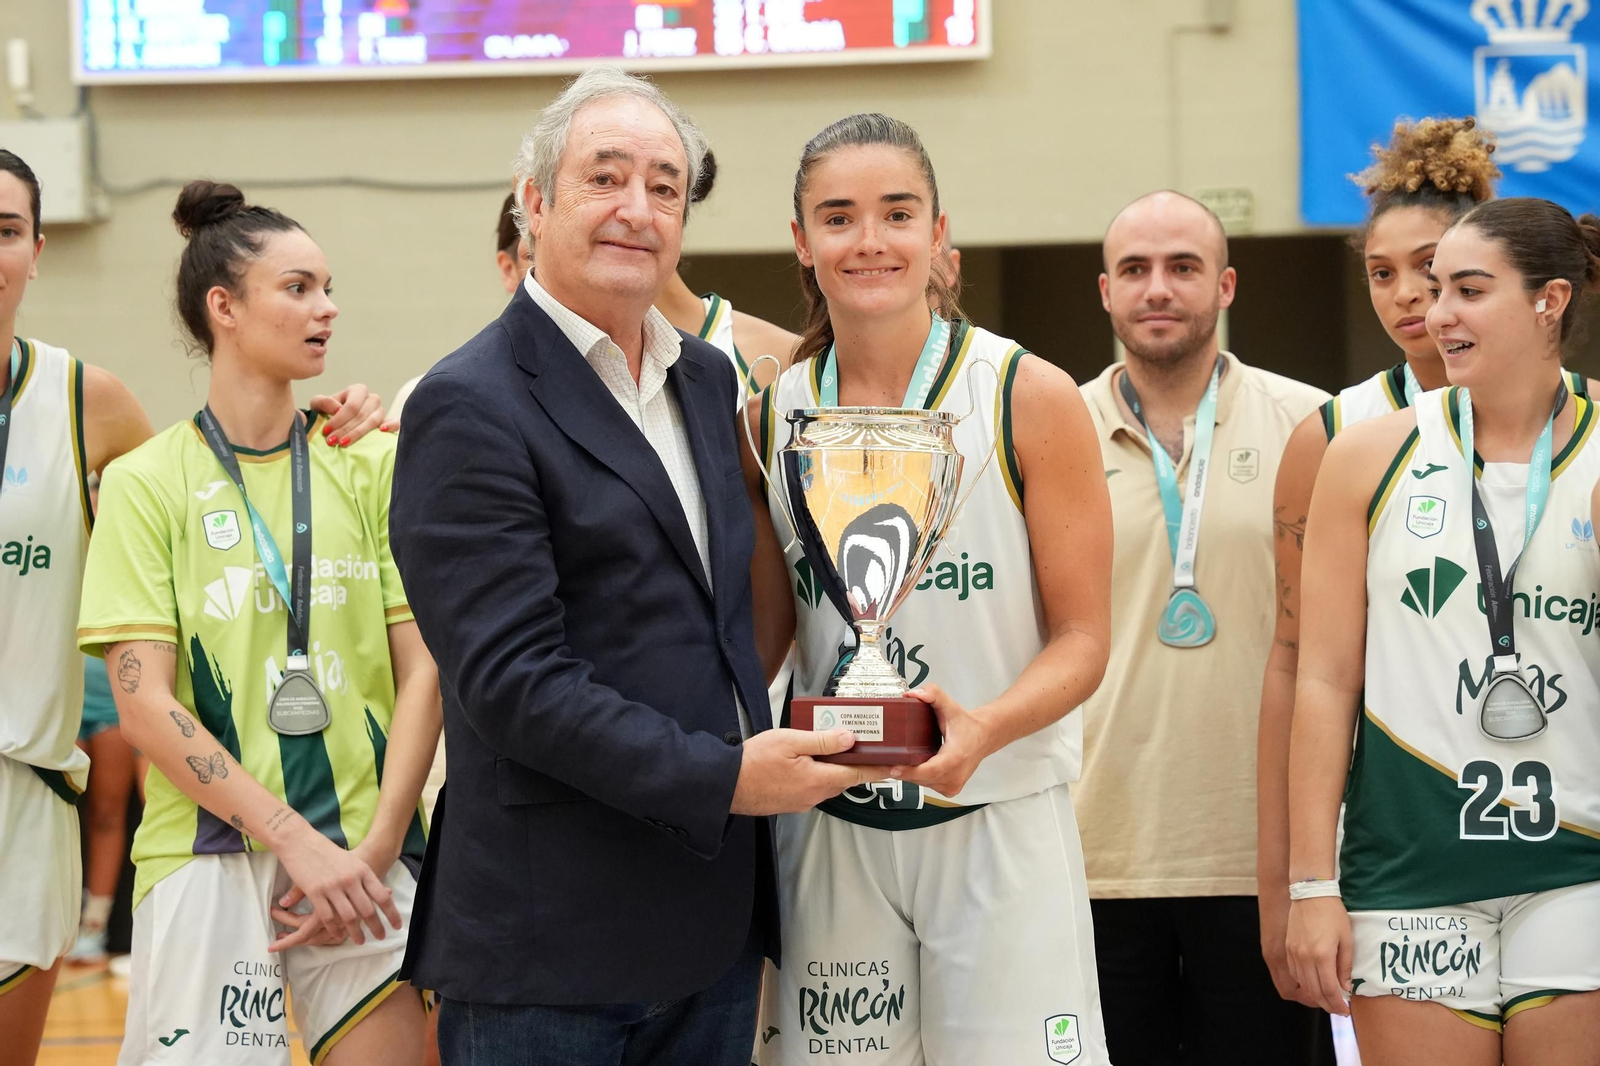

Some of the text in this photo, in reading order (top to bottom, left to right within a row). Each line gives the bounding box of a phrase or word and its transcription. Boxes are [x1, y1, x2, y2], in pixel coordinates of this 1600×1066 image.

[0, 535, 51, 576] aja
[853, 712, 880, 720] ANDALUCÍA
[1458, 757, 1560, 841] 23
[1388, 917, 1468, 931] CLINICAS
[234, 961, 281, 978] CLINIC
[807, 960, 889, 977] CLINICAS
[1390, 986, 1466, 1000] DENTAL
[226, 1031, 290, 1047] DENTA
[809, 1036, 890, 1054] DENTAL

▶ **EXERCISE PROMPT**
The task calls for every record to be transcribed exactly, with no images included.

▶ **TASK OUTPUT**
Some of the text in this photo, in reading order (top to bottom, left to right within a row). Each line gives the bounding box of a phrase or word and its transcription. Boxes are [x1, y1, x2, y2], in pixel coordinates of this 1600×1066 image.

[0, 535, 51, 576] aja
[853, 712, 880, 720] ANDALUCÍA
[1458, 757, 1560, 841] 23
[1388, 917, 1468, 931] CLINICAS
[234, 961, 281, 978] CLINIC
[807, 960, 889, 977] CLINICAS
[1390, 986, 1466, 1000] DENTAL
[226, 1031, 290, 1047] DENTA
[809, 1036, 890, 1054] DENTAL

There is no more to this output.